All lessons and activities will be tied to the big question of “How could you use sound and light to stay
safe on a long walk in the dark?” Before we even begin the unit, I will read a book to the students to
remind them of the five senses. After reading, we will discuss how the five senses help us to understand
the world and communicate with those around us. After reading and discussing, I will begin the unit with
some sort of interactive experience using sound and light. If it were nice weather outside, I would have
my class take a nature walk and pay attention the sights, sounds, smells, and feelings around them.
However, if going outside were not an option, I may try to create a simulation in my classroom room
using a nature recording and a projected photo with an outdoor scene. I would turn off the lights and ask
students to imagine they are walking home with their family on a dark Halloween night. There are no
streetlights and not very many people or cars are out. I will ask, “What might you do to communicate to
passing cars/people that you are there?”
After introducing this idea, I will incorporate it into several lessons throughout the unit. For
example, when I teach a lesson on how wave height/amplitude affects sound, I will ask students to think
about how loud or soft they may have to be when walking home in the dark. Similarly, when teaching
about how length/frequency affects pitch, we will discuss which levels of pitch are most effective and/or
can be heard most easily by humans (i.e. what pitch would be most helpful for getting someone’s
attention to communicate that you are there?) Then, as we transition into talking about light, I will
incorporate the concept of walking in the dark through my lesson on natural versus artificial light sources.

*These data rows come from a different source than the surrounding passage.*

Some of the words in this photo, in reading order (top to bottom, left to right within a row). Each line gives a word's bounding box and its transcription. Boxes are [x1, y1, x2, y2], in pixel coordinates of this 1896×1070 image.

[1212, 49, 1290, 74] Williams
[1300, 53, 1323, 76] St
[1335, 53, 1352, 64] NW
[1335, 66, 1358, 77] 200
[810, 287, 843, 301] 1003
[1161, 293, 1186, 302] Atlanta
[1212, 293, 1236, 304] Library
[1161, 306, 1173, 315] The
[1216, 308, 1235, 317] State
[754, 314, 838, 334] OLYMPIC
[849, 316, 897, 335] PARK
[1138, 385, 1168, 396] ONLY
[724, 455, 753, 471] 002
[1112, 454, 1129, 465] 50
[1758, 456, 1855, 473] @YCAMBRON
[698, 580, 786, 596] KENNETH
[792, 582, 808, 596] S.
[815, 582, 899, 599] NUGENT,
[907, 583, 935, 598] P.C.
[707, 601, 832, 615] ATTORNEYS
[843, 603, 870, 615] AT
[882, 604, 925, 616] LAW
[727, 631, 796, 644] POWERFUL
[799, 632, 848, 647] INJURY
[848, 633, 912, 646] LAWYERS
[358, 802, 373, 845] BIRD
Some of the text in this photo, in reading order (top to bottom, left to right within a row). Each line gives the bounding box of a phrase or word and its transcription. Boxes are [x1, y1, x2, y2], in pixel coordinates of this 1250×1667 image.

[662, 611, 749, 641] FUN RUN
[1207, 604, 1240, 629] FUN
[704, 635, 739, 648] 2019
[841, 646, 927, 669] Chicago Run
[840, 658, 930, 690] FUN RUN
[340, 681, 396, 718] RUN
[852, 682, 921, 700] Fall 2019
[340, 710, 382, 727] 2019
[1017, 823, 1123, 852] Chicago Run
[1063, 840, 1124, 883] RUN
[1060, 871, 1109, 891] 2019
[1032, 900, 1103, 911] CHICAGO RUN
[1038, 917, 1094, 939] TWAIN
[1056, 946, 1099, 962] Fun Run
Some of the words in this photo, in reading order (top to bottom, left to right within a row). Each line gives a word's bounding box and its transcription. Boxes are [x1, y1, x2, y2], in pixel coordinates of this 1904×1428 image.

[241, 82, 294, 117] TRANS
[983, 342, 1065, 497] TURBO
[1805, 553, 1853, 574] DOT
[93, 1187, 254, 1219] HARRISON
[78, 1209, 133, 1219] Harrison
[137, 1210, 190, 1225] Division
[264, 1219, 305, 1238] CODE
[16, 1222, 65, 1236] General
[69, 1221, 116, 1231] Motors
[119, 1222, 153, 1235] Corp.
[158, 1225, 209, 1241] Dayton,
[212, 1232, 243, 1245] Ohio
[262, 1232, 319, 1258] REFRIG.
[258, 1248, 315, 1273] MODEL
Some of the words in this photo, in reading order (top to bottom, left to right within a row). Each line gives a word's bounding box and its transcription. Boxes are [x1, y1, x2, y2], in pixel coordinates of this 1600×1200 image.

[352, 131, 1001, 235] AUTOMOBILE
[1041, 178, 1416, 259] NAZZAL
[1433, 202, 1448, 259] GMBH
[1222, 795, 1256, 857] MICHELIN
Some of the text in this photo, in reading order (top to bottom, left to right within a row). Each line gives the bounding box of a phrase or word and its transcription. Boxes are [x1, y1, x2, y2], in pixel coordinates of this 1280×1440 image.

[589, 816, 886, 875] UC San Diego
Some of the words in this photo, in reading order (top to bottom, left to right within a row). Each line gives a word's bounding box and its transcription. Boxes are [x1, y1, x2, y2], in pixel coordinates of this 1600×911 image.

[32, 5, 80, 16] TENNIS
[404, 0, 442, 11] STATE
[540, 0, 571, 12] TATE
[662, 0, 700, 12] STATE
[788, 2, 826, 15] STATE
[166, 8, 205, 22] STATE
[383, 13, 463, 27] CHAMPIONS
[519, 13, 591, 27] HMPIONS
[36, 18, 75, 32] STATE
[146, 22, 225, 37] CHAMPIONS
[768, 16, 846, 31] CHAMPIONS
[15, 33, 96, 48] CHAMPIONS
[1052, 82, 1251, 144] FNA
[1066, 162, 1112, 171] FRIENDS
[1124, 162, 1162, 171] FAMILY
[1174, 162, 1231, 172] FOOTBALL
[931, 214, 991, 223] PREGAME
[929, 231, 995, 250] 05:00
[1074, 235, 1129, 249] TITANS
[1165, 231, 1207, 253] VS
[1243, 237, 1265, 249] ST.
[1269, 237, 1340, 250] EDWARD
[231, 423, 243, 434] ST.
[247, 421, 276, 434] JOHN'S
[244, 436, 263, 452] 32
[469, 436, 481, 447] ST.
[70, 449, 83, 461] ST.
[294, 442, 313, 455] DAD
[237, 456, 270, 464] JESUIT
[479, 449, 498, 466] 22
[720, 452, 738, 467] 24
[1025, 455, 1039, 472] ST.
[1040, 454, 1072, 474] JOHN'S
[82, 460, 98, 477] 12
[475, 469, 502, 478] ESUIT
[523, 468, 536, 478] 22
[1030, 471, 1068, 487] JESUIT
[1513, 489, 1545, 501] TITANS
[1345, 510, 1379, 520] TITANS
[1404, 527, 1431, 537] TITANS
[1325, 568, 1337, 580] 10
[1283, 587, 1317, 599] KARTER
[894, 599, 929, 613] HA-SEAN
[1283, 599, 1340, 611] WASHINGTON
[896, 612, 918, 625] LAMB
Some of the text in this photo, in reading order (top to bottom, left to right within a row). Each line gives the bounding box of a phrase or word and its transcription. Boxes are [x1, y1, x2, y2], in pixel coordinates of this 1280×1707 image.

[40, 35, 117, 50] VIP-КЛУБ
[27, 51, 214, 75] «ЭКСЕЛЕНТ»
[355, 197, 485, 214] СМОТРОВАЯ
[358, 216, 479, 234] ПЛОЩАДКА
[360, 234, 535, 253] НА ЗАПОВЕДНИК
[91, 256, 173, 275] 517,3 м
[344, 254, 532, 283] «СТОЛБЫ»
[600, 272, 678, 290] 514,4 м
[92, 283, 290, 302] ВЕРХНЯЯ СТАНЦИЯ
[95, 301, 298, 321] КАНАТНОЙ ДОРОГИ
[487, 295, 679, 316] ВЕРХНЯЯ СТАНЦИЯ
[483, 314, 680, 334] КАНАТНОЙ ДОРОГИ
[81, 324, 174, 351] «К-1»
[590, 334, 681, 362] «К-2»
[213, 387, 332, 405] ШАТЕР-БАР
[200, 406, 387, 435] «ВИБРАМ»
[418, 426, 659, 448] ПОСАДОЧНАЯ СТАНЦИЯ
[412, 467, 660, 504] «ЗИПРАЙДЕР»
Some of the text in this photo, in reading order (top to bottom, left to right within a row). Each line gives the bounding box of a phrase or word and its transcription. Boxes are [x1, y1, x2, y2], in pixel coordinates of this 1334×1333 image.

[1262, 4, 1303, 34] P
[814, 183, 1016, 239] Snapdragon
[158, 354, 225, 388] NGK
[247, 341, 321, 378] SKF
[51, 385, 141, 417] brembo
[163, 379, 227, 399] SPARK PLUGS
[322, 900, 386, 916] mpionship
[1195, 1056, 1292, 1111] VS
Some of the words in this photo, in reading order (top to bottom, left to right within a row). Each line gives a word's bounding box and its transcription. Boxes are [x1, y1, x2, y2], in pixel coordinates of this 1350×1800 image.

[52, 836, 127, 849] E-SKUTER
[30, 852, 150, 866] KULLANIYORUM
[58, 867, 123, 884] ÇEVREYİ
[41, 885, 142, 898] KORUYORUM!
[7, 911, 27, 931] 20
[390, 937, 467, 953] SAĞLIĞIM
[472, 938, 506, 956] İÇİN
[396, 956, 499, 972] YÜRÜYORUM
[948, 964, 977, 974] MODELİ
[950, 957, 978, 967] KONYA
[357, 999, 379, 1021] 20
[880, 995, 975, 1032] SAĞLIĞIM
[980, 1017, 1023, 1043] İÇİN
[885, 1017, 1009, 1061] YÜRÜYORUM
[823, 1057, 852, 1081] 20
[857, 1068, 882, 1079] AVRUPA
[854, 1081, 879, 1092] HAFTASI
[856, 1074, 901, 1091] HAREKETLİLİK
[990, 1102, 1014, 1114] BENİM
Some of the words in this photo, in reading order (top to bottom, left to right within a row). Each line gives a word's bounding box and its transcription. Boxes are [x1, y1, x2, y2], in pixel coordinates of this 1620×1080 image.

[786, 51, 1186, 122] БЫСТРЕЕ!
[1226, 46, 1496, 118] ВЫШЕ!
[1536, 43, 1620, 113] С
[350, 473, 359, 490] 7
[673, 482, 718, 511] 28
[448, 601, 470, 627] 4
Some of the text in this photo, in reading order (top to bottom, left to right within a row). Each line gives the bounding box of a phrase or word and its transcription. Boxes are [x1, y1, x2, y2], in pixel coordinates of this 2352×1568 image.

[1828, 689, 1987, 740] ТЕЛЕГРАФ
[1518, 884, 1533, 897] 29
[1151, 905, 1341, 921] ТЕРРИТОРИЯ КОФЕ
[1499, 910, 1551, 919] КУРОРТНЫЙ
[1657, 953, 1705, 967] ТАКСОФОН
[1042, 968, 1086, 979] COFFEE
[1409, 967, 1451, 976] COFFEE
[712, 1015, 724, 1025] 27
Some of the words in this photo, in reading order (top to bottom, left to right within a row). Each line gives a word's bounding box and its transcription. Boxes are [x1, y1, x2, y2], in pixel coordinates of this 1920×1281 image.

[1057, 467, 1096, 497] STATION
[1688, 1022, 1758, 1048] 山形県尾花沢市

For example, I might ask students questions such as “What would be the natural sources of light that
could help you see at night?” and “If you still can’t see where you’re going, what are some artificial light
sources that could guide your way?” I will also tie in the big idea to my lesson on shadows and reflection
by asking students how they could create a shadow on the sidewalk using light waves. At the end of the
unit, I will tie all of the lesson’s major concepts together by asking students to design and create some
sort of device that uses light and sound to help them communicate with those around them and stay safe
on their walk home. Through this “final project”students will demonstrate their learning by applying
several of the unit’s main concepts about light and sound waves to answer the question of “How could
you use sound and light to stay safe on a long walk in the dark?”